Our sister circuits have split on the issue of whether the mere possession of
firearms in a state where individuals may legally carry them provides reasonable
suspicion for a stop. Compare Northrup v. City of Toledo Police Dep’t, 785 F.3d 1128,
1131 (6th Cir. 2015) (where pedestrian was visibly carrying a firearm on his hip, no
reasonable suspicion that the pedestrian was engaged in criminal activity because “Ohio
23 law permits the open carry of firearms . . . and thus permitted [the pedestrian] to do
exactly what he was doing.”), and United States v. Lewis, 672 F.3d 232, 240 (3d Cir.
2012) (Where “[i]t is lawful for certain individuals in the Virgin Islands to carry a firearm
provided that a license is obtained,” and “[a]bsent any information about the criminality
of the firearms, the mere possession of the firearms could not provide [the officer] with
reasonable suspicion to stop the vehicle.”), with United States v.
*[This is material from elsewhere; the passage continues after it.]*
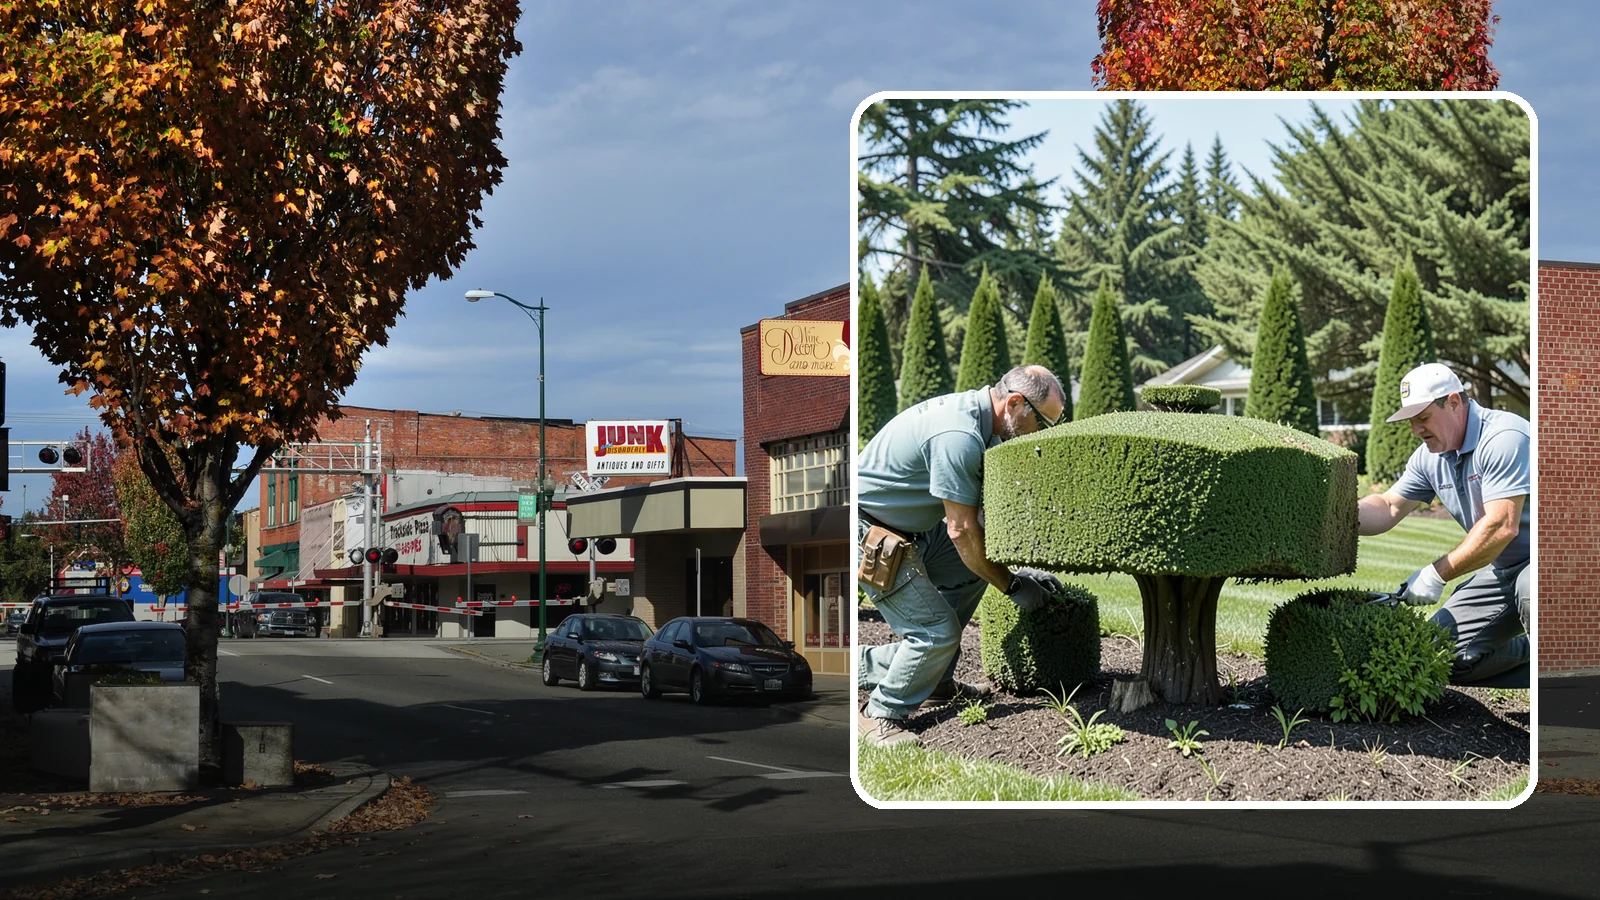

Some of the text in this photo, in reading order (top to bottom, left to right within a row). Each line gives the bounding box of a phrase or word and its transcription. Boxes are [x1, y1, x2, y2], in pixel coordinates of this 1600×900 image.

Lewis, 674 F.3d 1298,
1304 (11th Cir. 2012) (“Based on McRae’s admission that he was carrying a handgun in
his waistband, the officers had reasonable suspicion to believe that McRae was
committing a crime under Florida law -- carrying a concealed weapon. Under Florida
law, ‘[a] person who carries a concealed firearm on or about his person commits a felony
of the third degree.’ Fla. Stat. § 790.01(2). Notably, the possession of a valid permit for a
concealed weapon is not related to the elements of the crime, but rather is an affirmative
defense.” (footnotes omitted)).
We have explained, “Being a felon in possession of a firearm is not the default
status.” United States v. Nathaniel Black, 707 F.3d 531, 540 (4th Cir. 2013). And in a
state where individuals can openly carry firearms, “the exercise of this right, without
more, cannot justify an investigatory detention. Permitting such a justification would
eviscerate Fourth Amendment protections for lawfully armed individuals in those states.”
Id. Thus, there is a decent argument to be made that the nature of the statute -- that is,
whether the ability to carry a firearm is a blanket grant, or whether (like here) there is a
blanket prohibition with exceptions -- should not dictate whether reasonable suspicion to
24 conduct a Terry stop should or should not be present. Unfortunately, that argument was
not made here.
II.
Because Kingsborough ultimately agreed with the Government’s asserted rationale
for a reasonable, articulable suspicion, albeit three years after the fact, I am compelled to
concur in the judgment on the suppression issue. Had Kingsborough challenged on
appeal any of the Government’s ever shifting views of the purported criminal activity that
provided a basis for the stop, my position would most assuredly be different.